Circuit Breaker Pattern

Prevent a failing upstream service from being hammered with retries:

python
import time
from enum import Enum

class CircuitState(Enum):
    CLOSED = "closed"        # Normal operation
    OPEN = "open"            # Blocking all calls
    HALF_OPEN = "half_open"  # Testing if service recovered

class CircuitBreaker:
    """
    Trips open after N consecutive failures.
    After a cooldown period, allows a single test request.
    If the test succeeds, closes the circuit. If it fails, reopens.
    """

    def __init__(
        self,
        failure_threshold: int = 5,
        cooldown_seconds: float = 60,
        name: str = "default"
    ):
        self.failure_threshold = failure_threshold
        self.cooldown = cooldown_seconds
        self.name = name
        self.state = CircuitState.CLOSED
        self.failure_count = 0
        self.last_failure_time = 0

    def call(self, func, *args, **kwargs):
        if self.state == CircuitState.OPEN:
            if time.time() - self.last_failure_time > self.cooldown:
                self.state = CircuitState.HALF_OPEN
                log.info(f"Circuit {self.name}: HALF_OPEN — testing recovery")
            else:
                raise CircuitOpenError(
                    f"Circuit {self.name} is OPEN. "
                    f"Retry after {self.cooldown - (time.time() - self.last_failure_time):.0f}s"
                )

        try:
            result = func(*args, **kwargs)
            self._on_success()
            return result
        except Exception as e:
            self._on_failure()
            raise

    def _on_success(self):
        self.failure_count = 0
        if self.state == CircuitState.HALF_OPEN:
            self.state = CircuitState.CLOSED
            log.info(f"Circuit {self.name}: CLOSED — service recovered")

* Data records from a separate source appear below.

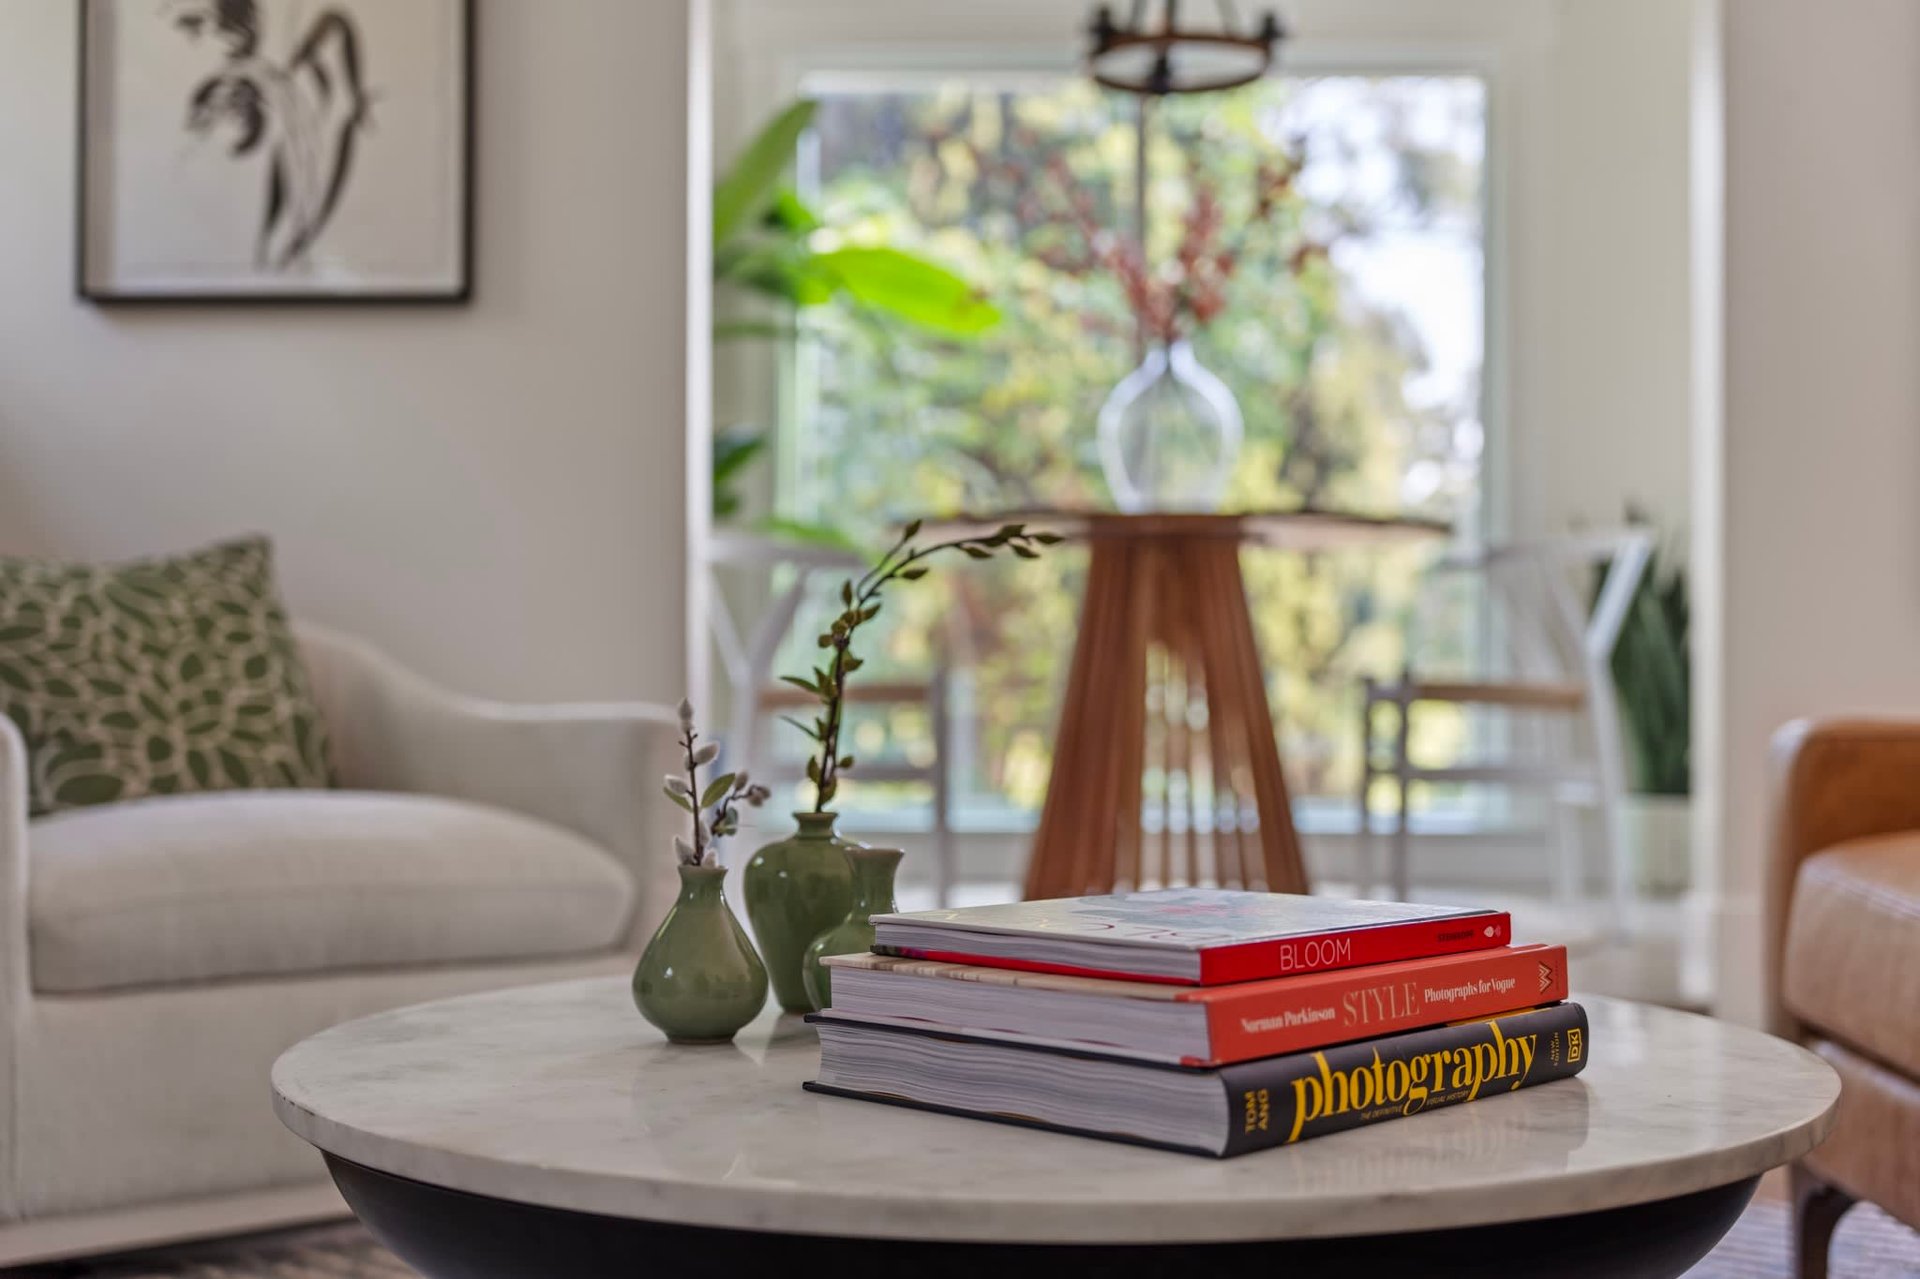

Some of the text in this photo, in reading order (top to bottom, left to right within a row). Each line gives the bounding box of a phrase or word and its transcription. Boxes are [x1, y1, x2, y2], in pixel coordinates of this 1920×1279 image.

[1280, 938, 1350, 971] BLOOM
[1241, 976, 1516, 1034] Norman Parkinson STYLE Photographs for Vogue
[1286, 1019, 1538, 1143] photography
[1245, 1091, 1257, 1134] TOM
[1257, 1087, 1269, 1131] ANG
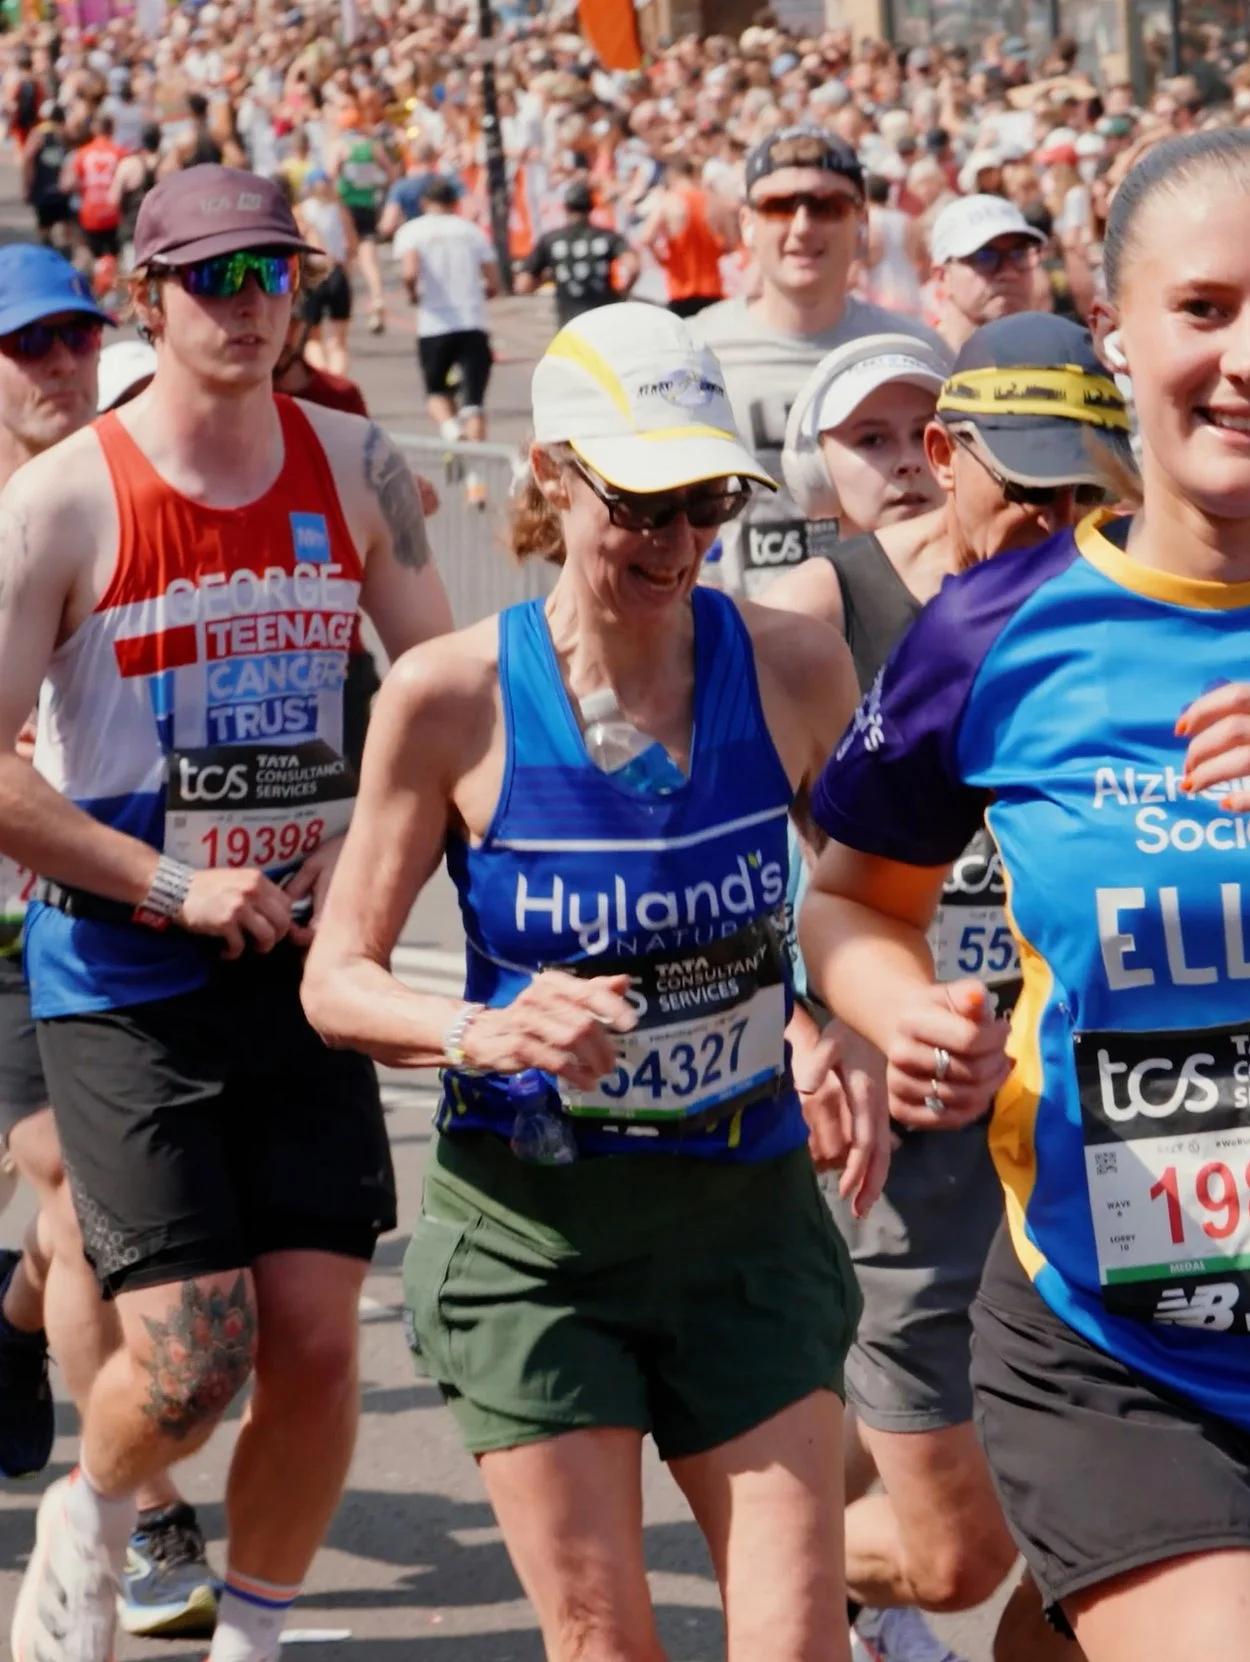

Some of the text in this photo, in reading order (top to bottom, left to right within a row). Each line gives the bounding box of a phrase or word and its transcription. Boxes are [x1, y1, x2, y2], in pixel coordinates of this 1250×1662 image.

[749, 526, 803, 565] tcs
[165, 563, 343, 624] GEORGE
[178, 756, 249, 801] tcs
[256, 754, 299, 769] TATA
[256, 760, 346, 784] CONSULTANCY
[256, 781, 318, 799] SERVICES
[201, 817, 326, 870] 19398
[515, 849, 784, 955] Hyland's
[655, 956, 709, 978] TATA
[658, 978, 740, 1013] SERVICES
[600, 1017, 749, 1100] 54327
[1097, 1048, 1220, 1122] tcs

    def _on_failure(self):
        self.failure_count += 1
        self.last_failure_time = time.time()
        if self.failure_count >= self.failure_threshold:
            self.state = CircuitState.OPEN
            log.error(
                f"Circuit {self.name}: OPEN after {self.failure_count} failures"
            )

# Usage
api_circuit = CircuitBreaker(failure_threshold=5, cooldown_seconds=120, name="payment_api")

def extract_payments():
    for page in paginate():
        try:
            data = api_circuit.call(fetch_page, page)
            yield from data
        except CircuitOpenError:
            log.warning("Payment API circuit open — skipping remaining pages")
            break

Data Quarantine

Quarantine isolates suspicious data for investigation without blocking the pipeline:

python
class DataQuarantine:
    """
    Three-tier data routing:
    1. Valid → continues through pipeline
    2. Fixable → auto-corrected with audit trail
    3. Quarantined → isolated for manual review
    """

    def classify(self, record: dict) -> tuple[str, dict]:
        issues = []

        # Check for null required fields
        for field in REQUIRED_FIELDS:
            if record.get(field) is None:
                issues.append(('CRITICAL', f"Missing required field: {field}"))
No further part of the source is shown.